Effect of Freezing Rates and Supplementation of α-Tocopherol in the Freezing Extender in Equine Sperm Cryosurvival

Abstract

This study was conducted to determine the impact of antioxidant (α-tocopherol) supplementation in the cryopreservation extender and three different freezing rates (FRs) on quality of post-thaw semen to elaborate a new protocol for stallion semen cryopreservation. Six ejaculates from each of four stallions were subjected to cryopreservation with a commercial extender (Gent, Minitub Iberia, Spain), without any supplementation (control) or supplemented with 2 mM α-tocopherol. The semen was exposed to three different freezing rates between 5°C and −15°C: slow (5°C/min), moderate (10°C/min), and fast (20°C/min).
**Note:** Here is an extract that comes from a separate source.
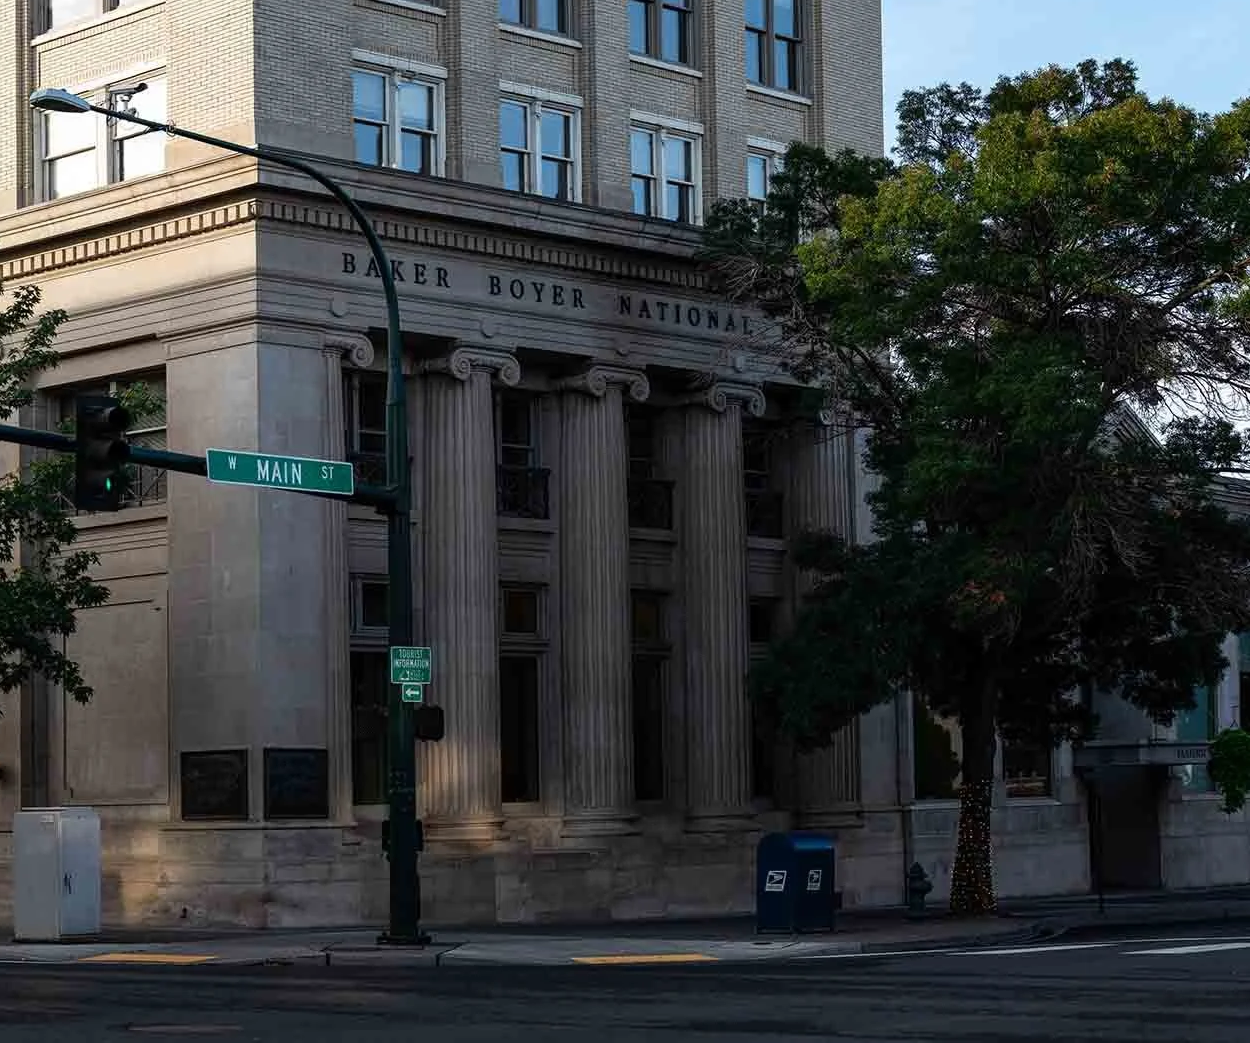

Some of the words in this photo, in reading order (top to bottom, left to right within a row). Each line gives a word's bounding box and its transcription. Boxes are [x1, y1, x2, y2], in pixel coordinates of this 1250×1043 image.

After thawing, the sperm viability (Sybr-14 and propidium iodide [PI]), mitochondrial membrane potential (MMP) (5,5′,6,6′-tetrachloro-1,1′,3,3′tetraethylbenzimidazolyl carbocyanine iodine), lipid membrane peroxidation (LPO; C11-BODIPY581/591), and apoptosis status (fluorescein isothiocyanate–conjugated annexin V and PI) of the plasmatic membrane of each sample were determined by flow cytometry. For both extenders, the percentage of viable cells was higher for spermatozoa cooled at 5°C/min than at 10°C/min and 20°C/min (P ≤ .05). The FR of 20°C/min demonstrated a lower value of MMP than the FR of 5°C/min and 10°C/min (P ≤ .05). The α-tocopherol extender improved (P ≤ .05) post-thaw membrane LPO; however, it did not improved viability and the apoptosis status of the sperm plasmatic membrane after thawing. In conclusion, results clearly indicate that the cryosurvival of stallion spermatozoa is improved when FR of 5°C/min is used from 5°C to −15°C.